Sheriff James Coates of New Zealand was not the first man in his office to confront such squalor. Sheriff John Howard of Bedfordshire had responded to the same squalor in the 1770s but unlike so many other sheriffs he did something about it and devoted life to prison reform. New Zealand founded its own Howard League For Penal Reform in the 1920s in Christchurch. Lawyer Peter Williams, QC, called himself the Howard League for Penal Reform, Auckland, until his death after which Labour Party handler Mike Williams picked up that title as one of his lobbyist hats he wears. James Coates’ devotion to the problem consisted of writing a letter to his superior, passing the problem on, so it could be absorbed and ignored by the bureaucratic machine.

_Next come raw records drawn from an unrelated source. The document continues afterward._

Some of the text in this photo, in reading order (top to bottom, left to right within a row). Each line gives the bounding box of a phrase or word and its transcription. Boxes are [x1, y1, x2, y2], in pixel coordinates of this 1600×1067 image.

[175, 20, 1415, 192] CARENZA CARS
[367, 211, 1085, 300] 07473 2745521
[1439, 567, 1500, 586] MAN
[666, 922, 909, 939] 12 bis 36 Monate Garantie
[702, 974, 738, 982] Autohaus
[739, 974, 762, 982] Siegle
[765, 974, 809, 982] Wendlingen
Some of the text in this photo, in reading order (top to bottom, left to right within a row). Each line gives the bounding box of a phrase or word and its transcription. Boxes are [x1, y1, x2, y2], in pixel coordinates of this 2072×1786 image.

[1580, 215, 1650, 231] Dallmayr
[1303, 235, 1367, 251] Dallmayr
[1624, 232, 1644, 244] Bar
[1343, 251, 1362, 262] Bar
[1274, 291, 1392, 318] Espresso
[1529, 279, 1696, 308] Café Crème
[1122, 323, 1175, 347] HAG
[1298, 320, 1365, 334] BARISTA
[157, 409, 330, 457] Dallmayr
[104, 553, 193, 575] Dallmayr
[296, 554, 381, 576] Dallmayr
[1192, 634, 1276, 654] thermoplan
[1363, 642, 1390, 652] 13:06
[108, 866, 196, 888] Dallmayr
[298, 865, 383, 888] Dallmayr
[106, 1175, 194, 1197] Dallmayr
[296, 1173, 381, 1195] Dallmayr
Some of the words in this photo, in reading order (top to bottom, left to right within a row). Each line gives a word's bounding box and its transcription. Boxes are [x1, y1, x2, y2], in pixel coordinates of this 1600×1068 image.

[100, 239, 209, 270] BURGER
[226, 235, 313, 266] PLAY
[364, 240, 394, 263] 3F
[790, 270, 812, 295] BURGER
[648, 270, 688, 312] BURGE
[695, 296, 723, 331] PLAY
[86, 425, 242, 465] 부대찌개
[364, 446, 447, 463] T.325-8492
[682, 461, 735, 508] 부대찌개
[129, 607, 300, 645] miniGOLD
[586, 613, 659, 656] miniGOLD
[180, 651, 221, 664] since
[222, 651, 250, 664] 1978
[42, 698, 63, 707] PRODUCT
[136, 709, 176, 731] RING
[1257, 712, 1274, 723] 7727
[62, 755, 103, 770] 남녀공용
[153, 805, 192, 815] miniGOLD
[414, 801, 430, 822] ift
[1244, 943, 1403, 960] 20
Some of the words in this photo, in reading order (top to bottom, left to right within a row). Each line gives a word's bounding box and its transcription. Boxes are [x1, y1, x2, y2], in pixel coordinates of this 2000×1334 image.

“The No. 1 cell, the size of a modest modern-day bathroom, held 14 prisoners. They were not all able to lie down, so a hammock had been strung beneath the low ceiling, further reducing the minimal ventilation.” – Feculent Hovel: Auckland’s first gaol 1841-1865, Mark Derby and Warwick Tie, Counterfutures (2017)

“Prisons had not been invented yet in mid-1700s Britain and their romantic ideals sad it wasn’t OK to punish or hang the growing numbers of criminal offenders. So, Transportation was the answer and away the convicts were sent to places like Virginia. After the American colonies revolted in the 1760s Britain had to re-divert the plumbing again and use locations in Australia starting with Botany Bay.” – 2015: Section 501 Transportation, AHNZ

“Victorian’s tendency to declare people who didn’t think like themselves mad and lock them away. New Zealand had lunatic asylums long before much of the needed infrastructure you’d expect to have been top priority. Tells you something about them.” – 1863: Butlerian Jihad on Victorian Schooling, AHNZ

“Sunnyside Lunatic Asylum was the first mental asylum to be built in Christchurch. It lasted from 1863 to 1999. As you can see it was huge and a huge priority. An even greater priority project and on greater scale than building Christchurch Cathedral itself.” – AHNZ, Facebook (2021)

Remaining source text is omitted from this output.